Il bullismo ha cominciato ad essere analizzato e interpretato come una vera
forma di “devianza” solo in tempi abbastanza recenti,. Un tempo si tendeva ad
inquadrare il problema come inevitabili conflitti infantili o adolescenziali, una
sorta di rito di passaggio correlato alla particolare fase di crescita.
Sebbene più evidenti, gli episodi di bullismo fisico costituiscono per
fortuna un’esigua percentuale dei casi di soprusi; più comunemente il bullismo si
manifesta nella sua variabile verbale che consiste in minacce, provocazioni, offese e
prese in giro ripetute, ma anche in altre forme come l’esclusione, l’isolamento
intenzionale dal gruppo e la diffusione di informazioni riservate o calunniose sul
conto della vittima. Negli ultimi anni, l’accresciuto utilizzo di internet ha inoltre
agevolato
un
nuovo
fenomeno: il
cyberbullismo
.
In questo caso le nuove tecnologie di comunicazione vengono usate come forme
di violenza psicologica (diffusione online di informazioni, foto e video diffamatori o
compromettenti per la vittima) e sono avvantaggiate dalla garanzia
dell’anonimato insieme alla forza mediatica che tale pratica assume, esponendo
questa nuova forma di sopraffazione e prevaricazione a rischi imprevedibili e
incontrollabili(il 54% dei genitori teme che i figli vengano coinvolti in casi di
cyberbullismo).
I genitori non vengono quasi mai a conoscenza direttamente dal proprio figlio
dei maltrattamenti subiti. Ciò per diversi motivi, che variano da carenze
affettive come, all’opposto, da un desiderio di distacco dai genitori che magari
al contrario vorrebbero instaurare un dialogo. Così, gli adulti ed in particolare gli
insegnanti fanno fatica a capire quando ci sono questi problemi.
Le conseguenze che il bullismo può avere sulle vittime e sui bulli sono preoccupanti
e richiedono un intervento immediato e mirato: anche se non esiste una
correlazione stretta tra episodi di bullismo e determinate psicopatologie, possono
insorgere nei ragazzi dei problemi con delle ripercussioni negli anni successivi;
infatti tra i bulli è maggiore il rischio di comportamenti antisociali e devianti in età
adolescenziale e adulta, mentre tra le vittime possono emergere disturbi sia fisici che
psicologici, indici di una sofferenza destrutturante e di una autostima minata nelle sue
radici profonde (svalutazione della propria identità, depressione, abbandono
scolastico, insicurezza, ansia, ritiro, solitudine, comportamenti autodistruttivi e auto
lesivi,
persino
il
suicidio).
Non bisogna dimenticare che anche i bulli hanno un cuore e spesso il loro
comportamento aggressivo è frutto di un disagio. La scuola riveste da sempre un
ruolo essenziale nella crescita dei bambini e dei ragazzi per la sua funzione di
educazione e socializzazione.
Un contrasto efficace deve agire sul gruppo, non focalizzarsi sul bullo e sulla
vittima. Nel "far funzionare" il bullismo infatti è essenziale il ruolo degli
osservatori:ragazzi che fanno da spettatori/gregari dell'atto di prevaricazione.

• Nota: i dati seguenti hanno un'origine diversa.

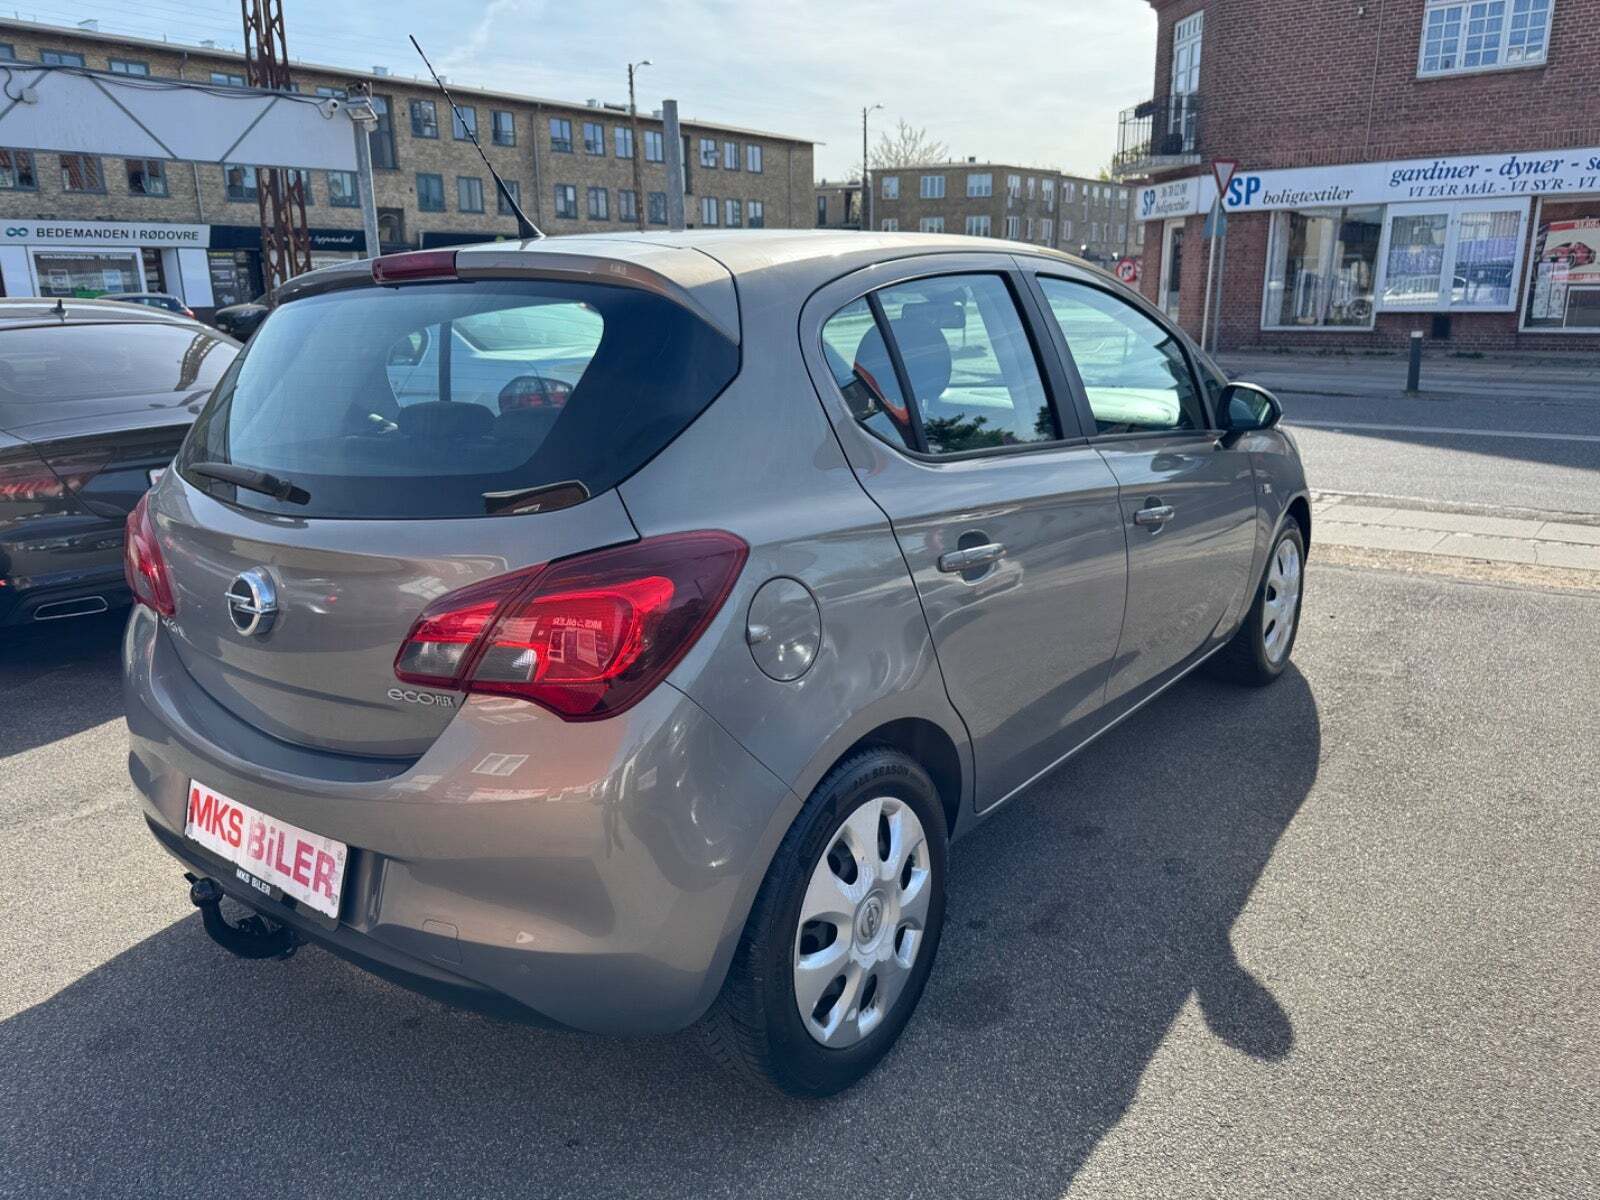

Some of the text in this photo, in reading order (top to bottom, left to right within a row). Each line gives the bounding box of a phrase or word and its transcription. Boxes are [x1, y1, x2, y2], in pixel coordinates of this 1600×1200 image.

Bisogna agire presto, tra i bambini piccoli, prima che il problema si cristallizzi nei
cicli scolastici successivi. Capita infatti di rado che gli spettatori agiscano a difesa
della vittima, più spesso manifestano nei confronti del bullo un'indulgenza che
sconfina nella giustificazione morale
Ma noi insegnanti cosa possiamo fare?
Spesso proprio noi abbiamo difficoltà a riconoscere gli atti di bullismo che accadono
nelle nostre classi, ma non perché ce ne freghiamo oppure il problema non ci
interessa, ma perché il fenomeno avviene “tacitamente” e in maniera talmente
subdola che risulta difficile per noi accorgerci di quanto stia accadendo e allora,
purtroppo, siamo costretti a sentire sovente la frase: ”Non mi ero accorto di quello
che stava succedendo! Era tutto “normale!”.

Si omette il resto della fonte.